### What is expected
Only the pictures should be left out; repeat the rest of the data exactly.

### Material for this task

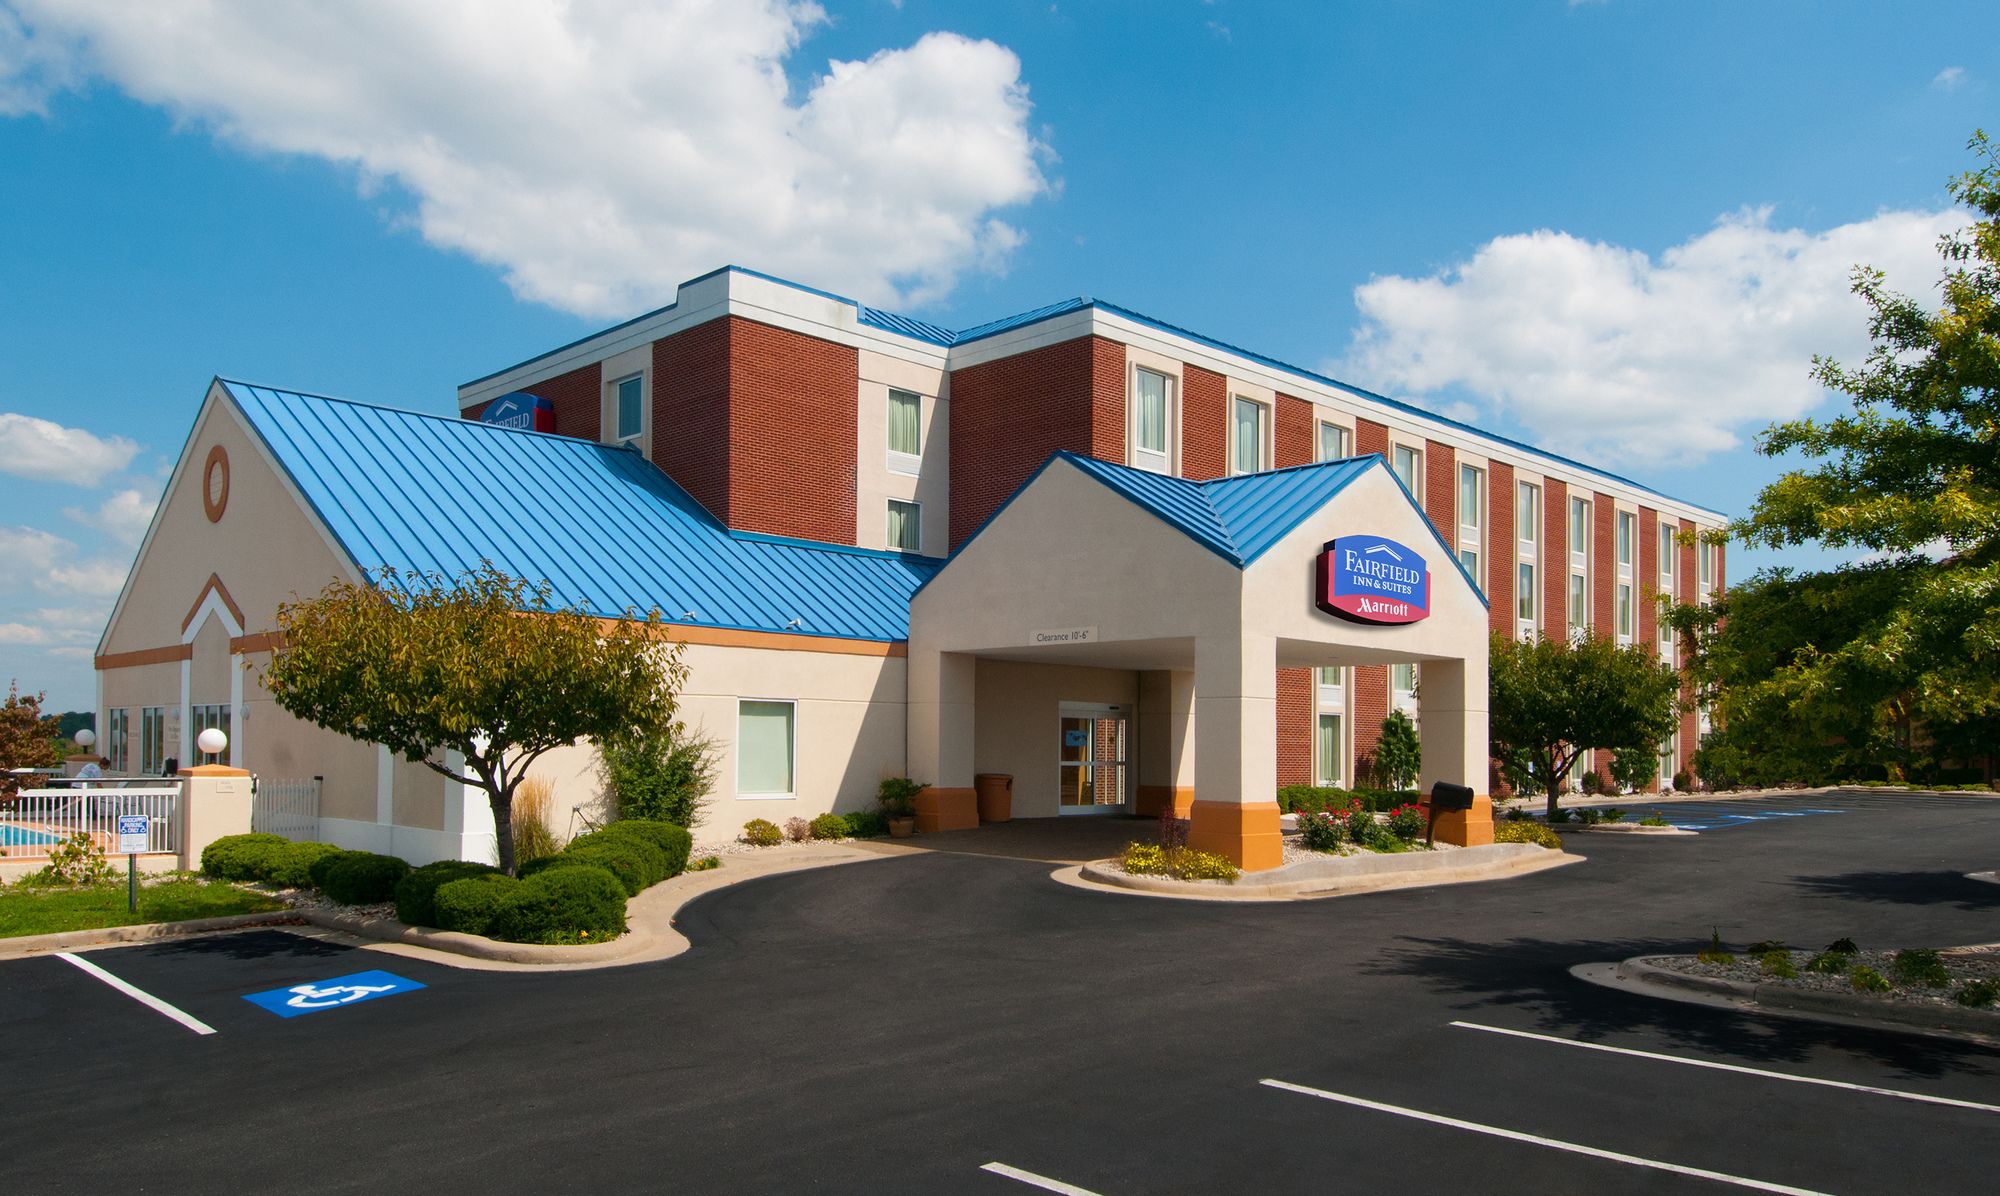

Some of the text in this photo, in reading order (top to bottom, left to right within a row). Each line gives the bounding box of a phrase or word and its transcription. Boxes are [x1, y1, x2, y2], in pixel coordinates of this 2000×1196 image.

[1345, 549, 1420, 585] FAIRFIELD
[1353, 575, 1412, 595] INN & SUITES
[1356, 597, 1409, 617] Marriott
[1036, 632, 1069, 642] Clearance
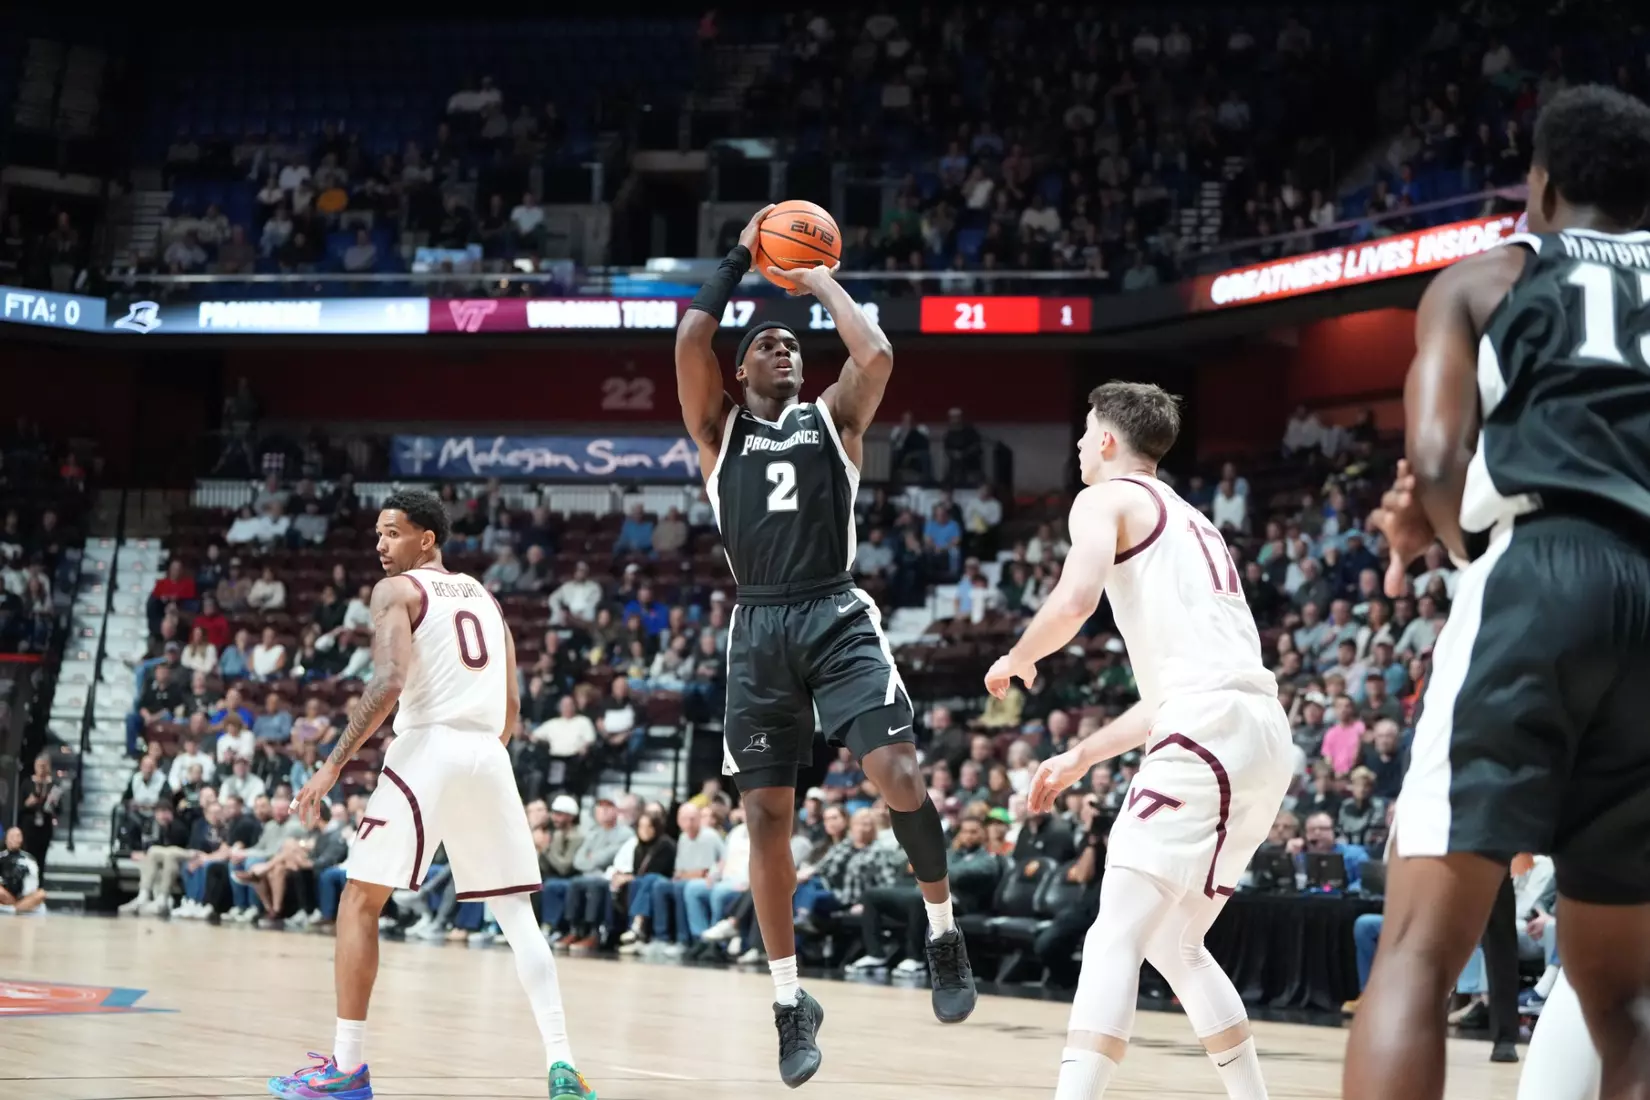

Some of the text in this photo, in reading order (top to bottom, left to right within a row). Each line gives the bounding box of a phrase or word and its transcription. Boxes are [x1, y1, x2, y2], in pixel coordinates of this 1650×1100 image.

[1344, 239, 1413, 279] LIVES
[5, 293, 80, 326] FTA: 0
[954, 302, 986, 330] 21
[1060, 305, 1074, 327] 1
[601, 376, 655, 411] 22
[584, 438, 653, 476] Sun
[740, 430, 820, 456] PROVIDENCE
[765, 460, 799, 512] 2
[1187, 517, 1240, 597] 17
[453, 609, 490, 672] 0

### Worked solution
Some of the text in this photo, in reading order (top to bottom, left to right within a row). Each line gives the bounding box of a phrase or word and its transcription. Boxes are [x1, y1, x2, y2], in pixel coordinates of this 2000×1196 image.

[1345, 549, 1420, 585] FAIRFIELD
[1353, 575, 1412, 595] INN & SUITES
[1356, 597, 1409, 617] Marriott
[1036, 632, 1069, 642] Clearance

Some of the text in this photo, in reading order (top to bottom, left to right within a row). Each line gives the bounding box of a phrase or word and its transcription. Boxes are [x1, y1, x2, y2], in pixel coordinates of this 1650×1100 image.

[1344, 239, 1413, 279] LIVES
[5, 293, 80, 326] FTA: 0
[954, 302, 986, 330] 21
[1060, 305, 1074, 327] 1
[601, 376, 655, 411] 22
[584, 438, 653, 476] Sun
[740, 430, 820, 456] PROVIDENCE
[765, 460, 799, 512] 2
[1187, 517, 1240, 597] 17
[453, 609, 490, 672] 0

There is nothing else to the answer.